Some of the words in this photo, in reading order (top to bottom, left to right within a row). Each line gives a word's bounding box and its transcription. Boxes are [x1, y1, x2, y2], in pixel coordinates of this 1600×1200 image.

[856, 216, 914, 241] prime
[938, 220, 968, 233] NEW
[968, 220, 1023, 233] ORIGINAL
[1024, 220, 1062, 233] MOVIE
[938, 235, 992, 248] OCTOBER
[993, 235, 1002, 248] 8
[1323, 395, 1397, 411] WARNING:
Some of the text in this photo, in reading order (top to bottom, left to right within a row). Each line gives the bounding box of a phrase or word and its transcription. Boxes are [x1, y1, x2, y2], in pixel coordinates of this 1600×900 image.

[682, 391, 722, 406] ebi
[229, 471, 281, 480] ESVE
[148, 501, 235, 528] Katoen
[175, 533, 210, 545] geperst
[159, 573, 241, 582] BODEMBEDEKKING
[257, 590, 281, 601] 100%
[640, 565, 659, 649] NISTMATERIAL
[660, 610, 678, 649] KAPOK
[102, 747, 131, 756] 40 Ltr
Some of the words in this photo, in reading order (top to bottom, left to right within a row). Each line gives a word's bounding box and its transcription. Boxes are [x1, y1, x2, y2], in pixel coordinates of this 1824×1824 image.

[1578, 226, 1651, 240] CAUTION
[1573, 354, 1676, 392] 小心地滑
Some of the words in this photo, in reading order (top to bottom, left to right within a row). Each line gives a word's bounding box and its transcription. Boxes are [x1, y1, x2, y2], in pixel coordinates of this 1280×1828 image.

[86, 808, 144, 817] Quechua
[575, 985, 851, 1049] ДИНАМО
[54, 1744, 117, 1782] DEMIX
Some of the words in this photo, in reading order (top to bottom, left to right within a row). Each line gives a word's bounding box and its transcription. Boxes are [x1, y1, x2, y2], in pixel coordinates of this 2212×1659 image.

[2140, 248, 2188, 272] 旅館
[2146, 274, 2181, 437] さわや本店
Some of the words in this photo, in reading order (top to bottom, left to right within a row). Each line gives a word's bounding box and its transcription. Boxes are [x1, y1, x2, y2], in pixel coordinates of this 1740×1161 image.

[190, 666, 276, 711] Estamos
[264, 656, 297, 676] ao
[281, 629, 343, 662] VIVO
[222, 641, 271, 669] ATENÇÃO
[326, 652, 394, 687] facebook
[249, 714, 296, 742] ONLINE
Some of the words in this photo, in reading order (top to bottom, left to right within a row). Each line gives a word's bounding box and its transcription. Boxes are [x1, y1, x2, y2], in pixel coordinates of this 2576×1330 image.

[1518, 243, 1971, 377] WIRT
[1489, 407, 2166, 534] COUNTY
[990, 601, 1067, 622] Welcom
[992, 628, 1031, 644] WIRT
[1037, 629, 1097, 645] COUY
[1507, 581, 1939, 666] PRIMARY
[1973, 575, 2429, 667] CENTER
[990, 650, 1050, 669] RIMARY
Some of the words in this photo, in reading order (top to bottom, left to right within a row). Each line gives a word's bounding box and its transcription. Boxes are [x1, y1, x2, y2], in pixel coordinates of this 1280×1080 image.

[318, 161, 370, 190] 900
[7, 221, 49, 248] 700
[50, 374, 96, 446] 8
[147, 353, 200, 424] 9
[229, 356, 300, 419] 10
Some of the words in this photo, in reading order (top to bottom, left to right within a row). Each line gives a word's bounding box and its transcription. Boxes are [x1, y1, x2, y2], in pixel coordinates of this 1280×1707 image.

• • • • •

> [EXERCISE DIRECTIONS]:
From the line that contains "this 1280×1080 image." down to the last line of the listing above, repeat each line exactly, and include nothing else.

> [SOLUTION TO THIS PROBLEM]:
Some of the words in this photo, in reading order (top to bottom, left to right within a row). Each line gives a word's bounding box and its transcription. Boxes are [x1, y1, x2, y2], in pixel coordinates of this 1280×1080 image.

[318, 161, 370, 190] 900
[7, 221, 49, 248] 700
[50, 374, 96, 446] 8
[147, 353, 200, 424] 9
[229, 356, 300, 419] 10
Some of the words in this photo, in reading order (top to bottom, left to right within a row). Each line gives a word's bounding box and its transcription. Boxes are [x1, y1, x2, y2], in pixel coordinates of this 1280×1707 image.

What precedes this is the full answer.